Data shown:
+++

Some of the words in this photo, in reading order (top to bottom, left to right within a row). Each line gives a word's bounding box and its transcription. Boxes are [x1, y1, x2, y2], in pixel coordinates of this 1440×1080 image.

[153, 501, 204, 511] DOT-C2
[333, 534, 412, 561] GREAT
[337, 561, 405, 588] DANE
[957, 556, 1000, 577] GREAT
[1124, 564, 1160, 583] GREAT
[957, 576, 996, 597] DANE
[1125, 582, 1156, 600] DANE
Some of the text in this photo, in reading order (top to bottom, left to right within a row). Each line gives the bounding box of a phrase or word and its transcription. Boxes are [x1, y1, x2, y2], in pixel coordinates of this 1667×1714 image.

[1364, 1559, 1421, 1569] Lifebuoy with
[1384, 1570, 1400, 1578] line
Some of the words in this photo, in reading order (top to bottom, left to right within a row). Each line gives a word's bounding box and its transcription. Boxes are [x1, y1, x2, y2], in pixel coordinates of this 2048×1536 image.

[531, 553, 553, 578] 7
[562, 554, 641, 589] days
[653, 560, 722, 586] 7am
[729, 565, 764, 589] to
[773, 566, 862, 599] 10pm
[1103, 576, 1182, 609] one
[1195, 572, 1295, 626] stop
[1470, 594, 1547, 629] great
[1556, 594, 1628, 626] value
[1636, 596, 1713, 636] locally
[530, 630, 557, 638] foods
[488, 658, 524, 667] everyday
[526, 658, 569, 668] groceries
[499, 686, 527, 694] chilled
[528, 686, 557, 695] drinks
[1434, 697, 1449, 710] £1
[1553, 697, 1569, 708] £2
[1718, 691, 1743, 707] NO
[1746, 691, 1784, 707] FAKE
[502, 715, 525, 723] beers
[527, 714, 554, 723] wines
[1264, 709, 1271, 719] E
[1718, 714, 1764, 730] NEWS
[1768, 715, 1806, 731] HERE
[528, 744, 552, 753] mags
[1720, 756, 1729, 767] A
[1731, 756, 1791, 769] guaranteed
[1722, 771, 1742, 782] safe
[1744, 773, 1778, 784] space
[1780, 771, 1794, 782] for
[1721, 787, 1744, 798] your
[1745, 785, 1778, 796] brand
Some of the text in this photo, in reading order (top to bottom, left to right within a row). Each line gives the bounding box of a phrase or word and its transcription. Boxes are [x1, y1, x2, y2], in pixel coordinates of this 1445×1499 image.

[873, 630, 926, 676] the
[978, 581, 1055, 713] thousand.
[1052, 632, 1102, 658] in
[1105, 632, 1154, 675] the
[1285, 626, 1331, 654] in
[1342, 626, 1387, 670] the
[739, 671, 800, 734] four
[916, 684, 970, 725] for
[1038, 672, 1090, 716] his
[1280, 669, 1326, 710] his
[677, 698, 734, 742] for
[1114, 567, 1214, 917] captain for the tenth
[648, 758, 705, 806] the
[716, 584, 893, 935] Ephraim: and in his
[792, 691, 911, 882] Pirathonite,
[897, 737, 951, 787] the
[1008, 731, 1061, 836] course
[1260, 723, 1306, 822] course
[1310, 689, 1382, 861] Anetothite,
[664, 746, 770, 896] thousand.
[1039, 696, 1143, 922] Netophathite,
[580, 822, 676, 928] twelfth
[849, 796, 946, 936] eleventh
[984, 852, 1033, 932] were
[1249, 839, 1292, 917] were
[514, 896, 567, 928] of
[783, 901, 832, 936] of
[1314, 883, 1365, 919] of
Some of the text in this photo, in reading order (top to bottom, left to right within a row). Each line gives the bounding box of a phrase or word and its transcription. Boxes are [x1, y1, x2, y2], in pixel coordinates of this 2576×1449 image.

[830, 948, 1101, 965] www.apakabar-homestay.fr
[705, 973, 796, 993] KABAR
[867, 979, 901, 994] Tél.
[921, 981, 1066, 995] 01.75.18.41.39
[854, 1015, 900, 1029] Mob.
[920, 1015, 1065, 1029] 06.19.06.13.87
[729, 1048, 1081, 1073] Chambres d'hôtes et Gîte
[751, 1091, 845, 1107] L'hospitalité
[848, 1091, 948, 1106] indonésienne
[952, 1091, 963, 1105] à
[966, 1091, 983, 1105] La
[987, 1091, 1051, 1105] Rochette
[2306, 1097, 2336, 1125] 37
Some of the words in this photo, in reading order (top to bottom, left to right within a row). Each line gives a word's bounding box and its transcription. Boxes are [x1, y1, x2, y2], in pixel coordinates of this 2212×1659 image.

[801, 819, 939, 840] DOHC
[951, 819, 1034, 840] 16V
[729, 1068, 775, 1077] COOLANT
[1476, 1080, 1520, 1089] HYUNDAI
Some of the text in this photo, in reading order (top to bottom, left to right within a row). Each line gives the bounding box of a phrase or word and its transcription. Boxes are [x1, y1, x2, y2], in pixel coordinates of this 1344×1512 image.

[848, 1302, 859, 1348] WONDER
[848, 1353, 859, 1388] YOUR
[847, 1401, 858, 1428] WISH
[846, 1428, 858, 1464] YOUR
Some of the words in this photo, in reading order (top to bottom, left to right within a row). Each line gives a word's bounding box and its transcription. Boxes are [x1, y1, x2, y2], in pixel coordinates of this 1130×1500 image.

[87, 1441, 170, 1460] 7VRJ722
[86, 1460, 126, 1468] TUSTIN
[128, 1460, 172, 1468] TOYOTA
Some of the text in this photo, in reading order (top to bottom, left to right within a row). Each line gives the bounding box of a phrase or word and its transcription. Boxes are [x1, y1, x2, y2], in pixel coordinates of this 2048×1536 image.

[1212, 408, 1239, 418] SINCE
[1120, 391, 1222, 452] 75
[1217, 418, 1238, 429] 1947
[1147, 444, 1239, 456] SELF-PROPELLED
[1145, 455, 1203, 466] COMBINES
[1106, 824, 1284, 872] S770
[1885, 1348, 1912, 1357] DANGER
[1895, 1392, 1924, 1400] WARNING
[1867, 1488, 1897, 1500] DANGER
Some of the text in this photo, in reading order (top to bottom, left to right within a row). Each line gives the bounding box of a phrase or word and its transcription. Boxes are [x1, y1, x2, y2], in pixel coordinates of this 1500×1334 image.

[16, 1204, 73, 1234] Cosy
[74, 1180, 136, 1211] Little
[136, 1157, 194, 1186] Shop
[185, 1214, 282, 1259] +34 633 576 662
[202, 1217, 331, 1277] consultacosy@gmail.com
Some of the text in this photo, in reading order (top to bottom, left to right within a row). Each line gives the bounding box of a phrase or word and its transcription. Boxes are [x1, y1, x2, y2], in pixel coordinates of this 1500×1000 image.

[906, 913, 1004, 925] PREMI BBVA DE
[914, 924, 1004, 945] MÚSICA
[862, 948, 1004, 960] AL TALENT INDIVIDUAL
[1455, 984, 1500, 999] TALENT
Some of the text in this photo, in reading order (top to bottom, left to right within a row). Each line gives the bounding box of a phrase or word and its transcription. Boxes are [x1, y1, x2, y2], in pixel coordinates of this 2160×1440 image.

+++

What this task involves: Transcribe every record. Match each line exactly.

Task output:
Some of the words in this photo, in reading order (top to bottom, left to right within a row). Each line gives a word's bounding box and its transcription. Boxes are [x1, y1, x2, y2], in pixel coordinates of this 1440×1080 image.

[153, 501, 204, 511] DOT-C2
[333, 534, 412, 561] GREAT
[337, 561, 405, 588] DANE
[957, 556, 1000, 577] GREAT
[1124, 564, 1160, 583] GREAT
[957, 576, 996, 597] DANE
[1125, 582, 1156, 600] DANE
Some of the text in this photo, in reading order (top to bottom, left to right within a row). Each line gives the bounding box of a phrase or word and its transcription. Boxes are [x1, y1, x2, y2], in pixel coordinates of this 1667×1714 image.

[1364, 1559, 1421, 1569] Lifebuoy with
[1384, 1570, 1400, 1578] line
Some of the words in this photo, in reading order (top to bottom, left to right within a row). Each line gives a word's bounding box and its transcription. Boxes are [x1, y1, x2, y2], in pixel coordinates of this 2048×1536 image.

[531, 553, 553, 578] 7
[562, 554, 641, 589] days
[653, 560, 722, 586] 7am
[729, 565, 764, 589] to
[773, 566, 862, 599] 10pm
[1103, 576, 1182, 609] one
[1195, 572, 1295, 626] stop
[1470, 594, 1547, 629] great
[1556, 594, 1628, 626] value
[1636, 596, 1713, 636] locally
[530, 630, 557, 638] foods
[488, 658, 524, 667] everyday
[526, 658, 569, 668] groceries
[499, 686, 527, 694] chilled
[528, 686, 557, 695] drinks
[1434, 697, 1449, 710] £1
[1553, 697, 1569, 708] £2
[1718, 691, 1743, 707] NO
[1746, 691, 1784, 707] FAKE
[502, 715, 525, 723] beers
[527, 714, 554, 723] wines
[1264, 709, 1271, 719] E
[1718, 714, 1764, 730] NEWS
[1768, 715, 1806, 731] HERE
[528, 744, 552, 753] mags
[1720, 756, 1729, 767] A
[1731, 756, 1791, 769] guaranteed
[1722, 771, 1742, 782] safe
[1744, 773, 1778, 784] space
[1780, 771, 1794, 782] for
[1721, 787, 1744, 798] your
[1745, 785, 1778, 796] brand
Some of the text in this photo, in reading order (top to bottom, left to right within a row). Each line gives the bounding box of a phrase or word and its transcription. Boxes are [x1, y1, x2, y2], in pixel coordinates of this 1445×1499 image.

[873, 630, 926, 676] the
[978, 581, 1055, 713] thousand.
[1052, 632, 1102, 658] in
[1105, 632, 1154, 675] the
[1285, 626, 1331, 654] in
[1342, 626, 1387, 670] the
[739, 671, 800, 734] four
[916, 684, 970, 725] for
[1038, 672, 1090, 716] his
[1280, 669, 1326, 710] his
[677, 698, 734, 742] for
[1114, 567, 1214, 917] captain for the tenth
[648, 758, 705, 806] the
[716, 584, 893, 935] Ephraim: and in his
[792, 691, 911, 882] Pirathonite,
[897, 737, 951, 787] the
[1008, 731, 1061, 836] course
[1260, 723, 1306, 822] course
[1310, 689, 1382, 861] Anetothite,
[664, 746, 770, 896] thousand.
[1039, 696, 1143, 922] Netophathite,
[580, 822, 676, 928] twelfth
[849, 796, 946, 936] eleventh
[984, 852, 1033, 932] were
[1249, 839, 1292, 917] were
[514, 896, 567, 928] of
[783, 901, 832, 936] of
[1314, 883, 1365, 919] of
Some of the text in this photo, in reading order (top to bottom, left to right within a row). Each line gives the bounding box of a phrase or word and its transcription. Boxes are [x1, y1, x2, y2], in pixel coordinates of this 2576×1449 image.

[830, 948, 1101, 965] www.apakabar-homestay.fr
[705, 973, 796, 993] KABAR
[867, 979, 901, 994] Tél.
[921, 981, 1066, 995] 01.75.18.41.39
[854, 1015, 900, 1029] Mob.
[920, 1015, 1065, 1029] 06.19.06.13.87
[729, 1048, 1081, 1073] Chambres d'hôtes et Gîte
[751, 1091, 845, 1107] L'hospitalité
[848, 1091, 948, 1106] indonésienne
[952, 1091, 963, 1105] à
[966, 1091, 983, 1105] La
[987, 1091, 1051, 1105] Rochette
[2306, 1097, 2336, 1125] 37
Some of the words in this photo, in reading order (top to bottom, left to right within a row). Each line gives a word's bounding box and its transcription. Boxes are [x1, y1, x2, y2], in pixel coordinates of this 2212×1659 image.

[801, 819, 939, 840] DOHC
[951, 819, 1034, 840] 16V
[729, 1068, 775, 1077] COOLANT
[1476, 1080, 1520, 1089] HYUNDAI
Some of the text in this photo, in reading order (top to bottom, left to right within a row). Each line gives the bounding box of a phrase or word and its transcription. Boxes are [x1, y1, x2, y2], in pixel coordinates of this 1344×1512 image.

[848, 1302, 859, 1348] WONDER
[848, 1353, 859, 1388] YOUR
[847, 1401, 858, 1428] WISH
[846, 1428, 858, 1464] YOUR
Some of the words in this photo, in reading order (top to bottom, left to right within a row). Each line gives a word's bounding box and its transcription. Boxes are [x1, y1, x2, y2], in pixel coordinates of this 1130×1500 image.

[87, 1441, 170, 1460] 7VRJ722
[86, 1460, 126, 1468] TUSTIN
[128, 1460, 172, 1468] TOYOTA
Some of the text in this photo, in reading order (top to bottom, left to right within a row). Each line gives the bounding box of a phrase or word and its transcription. Boxes are [x1, y1, x2, y2], in pixel coordinates of this 2048×1536 image.

[1212, 408, 1239, 418] SINCE
[1120, 391, 1222, 452] 75
[1217, 418, 1238, 429] 1947
[1147, 444, 1239, 456] SELF-PROPELLED
[1145, 455, 1203, 466] COMBINES
[1106, 824, 1284, 872] S770
[1885, 1348, 1912, 1357] DANGER
[1895, 1392, 1924, 1400] WARNING
[1867, 1488, 1897, 1500] DANGER
Some of the text in this photo, in reading order (top to bottom, left to right within a row). Each line gives the bounding box of a phrase or word and its transcription. Boxes are [x1, y1, x2, y2], in pixel coordinates of this 1500×1334 image.

[16, 1204, 73, 1234] Cosy
[74, 1180, 136, 1211] Little
[136, 1157, 194, 1186] Shop
[185, 1214, 282, 1259] +34 633 576 662
[202, 1217, 331, 1277] consultacosy@gmail.com
Some of the text in this photo, in reading order (top to bottom, left to right within a row). Each line gives the bounding box of a phrase or word and its transcription. Boxes are [x1, y1, x2, y2], in pixel coordinates of this 1500×1000 image.

[906, 913, 1004, 925] PREMI BBVA DE
[914, 924, 1004, 945] MÚSICA
[862, 948, 1004, 960] AL TALENT INDIVIDUAL
[1455, 984, 1500, 999] TALENT
Some of the text in this photo, in reading order (top to bottom, left to right within a row). Each line gives the bounding box of a phrase or word and its transcription. Boxes are [x1, y1, x2, y2], in pixel coordinates of this 2160×1440 image.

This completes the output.